Squalene has the unique property of adopting a cyclic structure in lanosterol, itself a precursor of cholesterol, by spontaneously rolling up into a highly compact molecular conformation in an aqueous medium. Indeed, thanks to its molecular flexibility and compact nature, squalene can adopt various conformations which allow it to enter the hydrophobic pocket of the enzyme oxidosqualene cyclase, where the cyclisation reaction takes place. Note that, quite remarkably, this reaction occurs without the need for coenzymes and without the supply of biochemical energy in the form of adenosine triphosphate (ATP).

This unique property of squalene to adopt a highly compact molecular conformation has been exploited to obtain particulate nanosystems by coupling this lipid with anticancer or anti-infection molecules, and in particular with nucleoside analogues [1]. Squalenoylated nanodrugs obtained in this way have proved to be much more effective than their parent molecules.
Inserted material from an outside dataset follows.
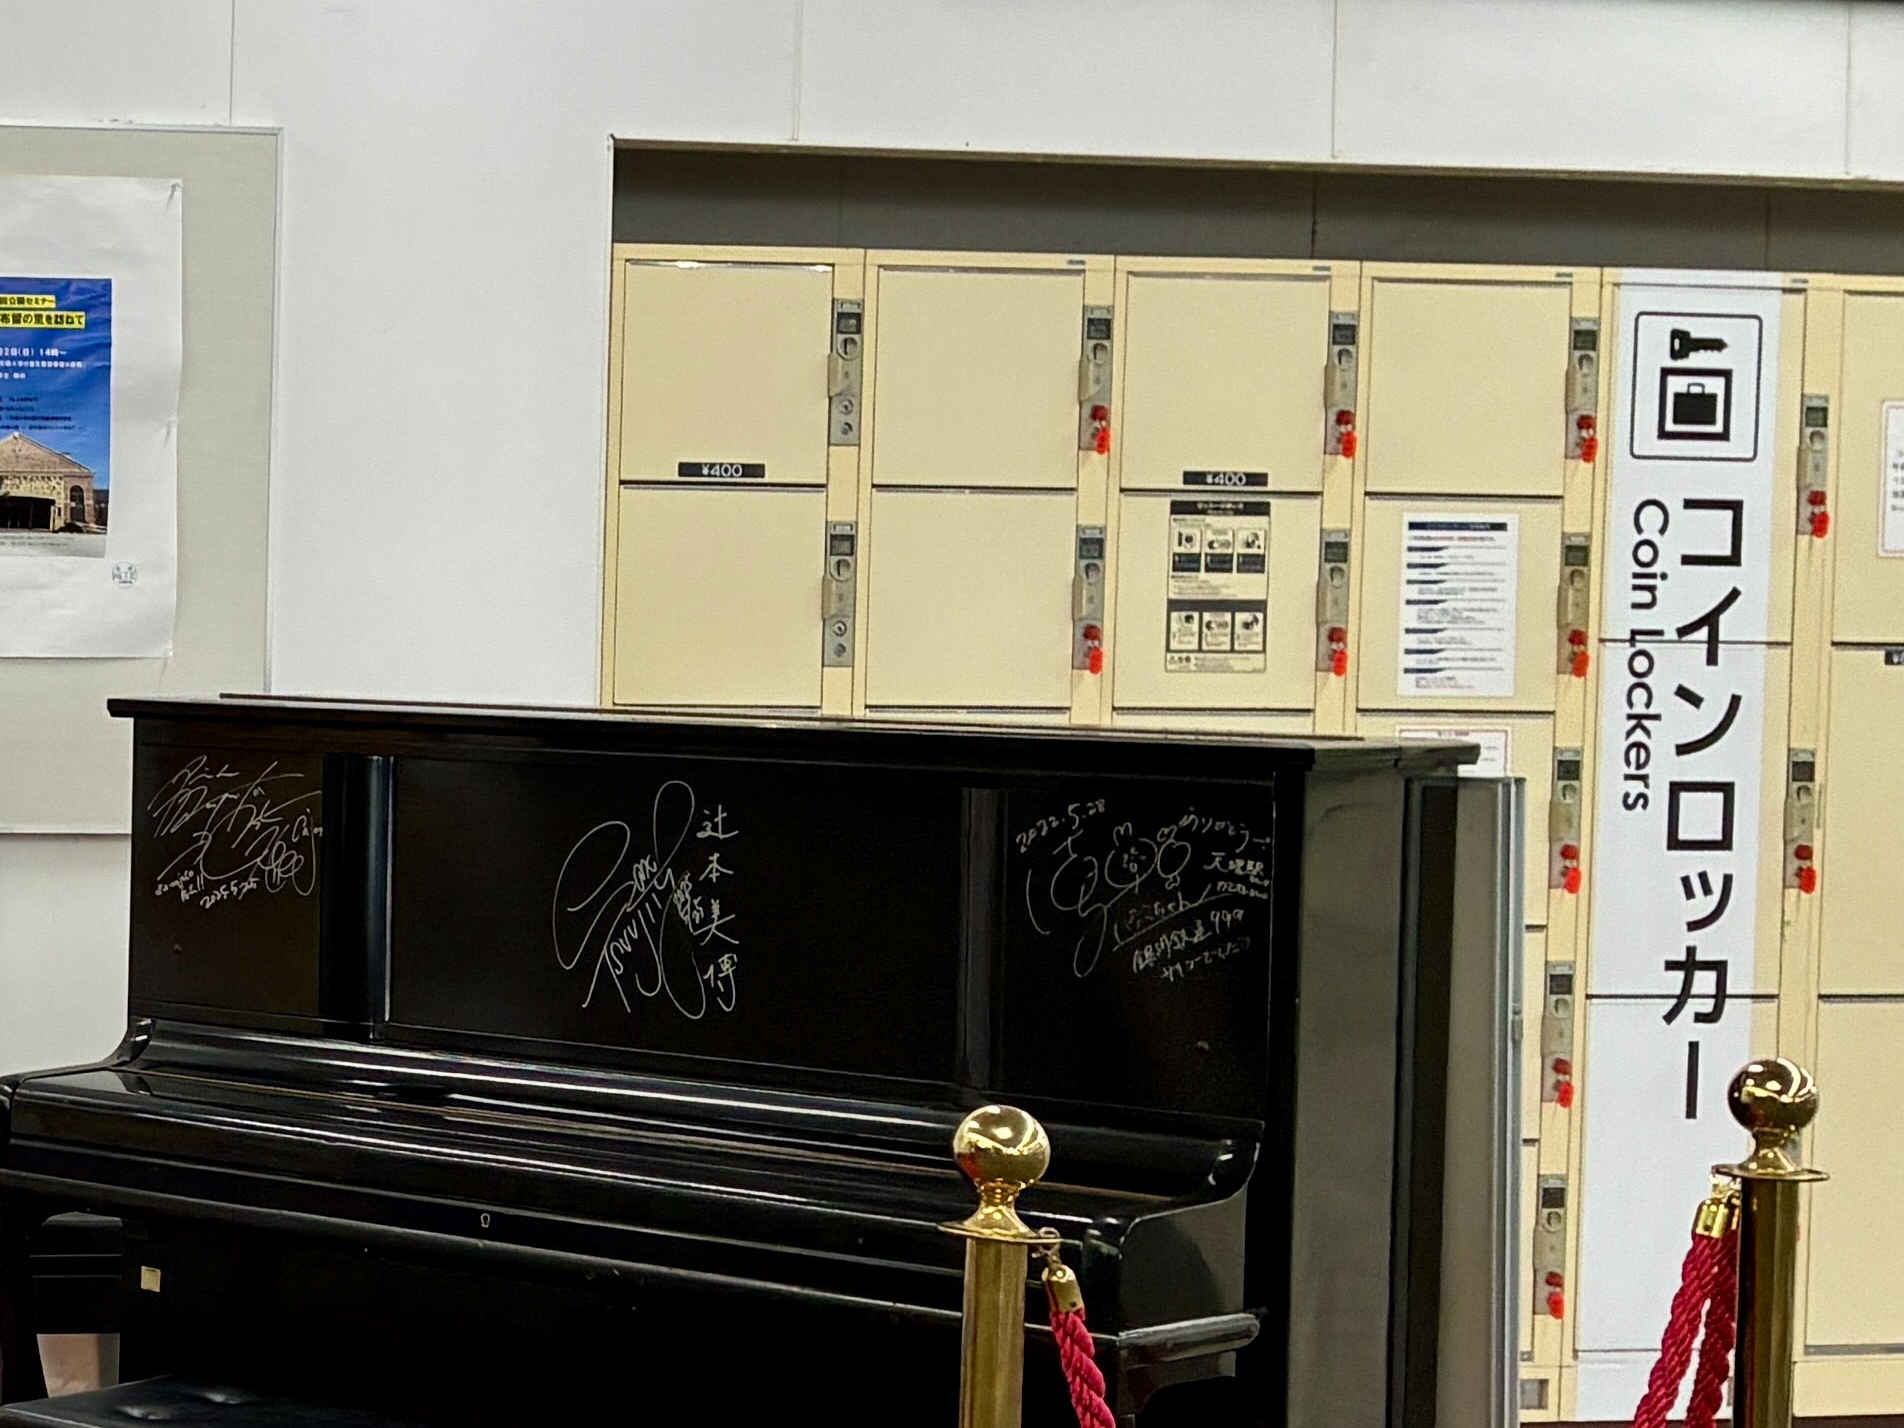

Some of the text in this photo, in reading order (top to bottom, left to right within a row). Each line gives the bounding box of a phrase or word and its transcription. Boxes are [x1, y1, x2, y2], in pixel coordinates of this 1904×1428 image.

Indeed, these nanosystems:

1. 1.

   can be administered orally or intravenously,

2. 2.

   favour intracellular penetration,

3. 3.

   facilitate passage through membranes,

4. 4.

   protect the active molecule from degradation and/or metabolisation.

As we shall see later, the nature of the chemical bond between squalene and the drug can allow selective release of the latter at the biological target.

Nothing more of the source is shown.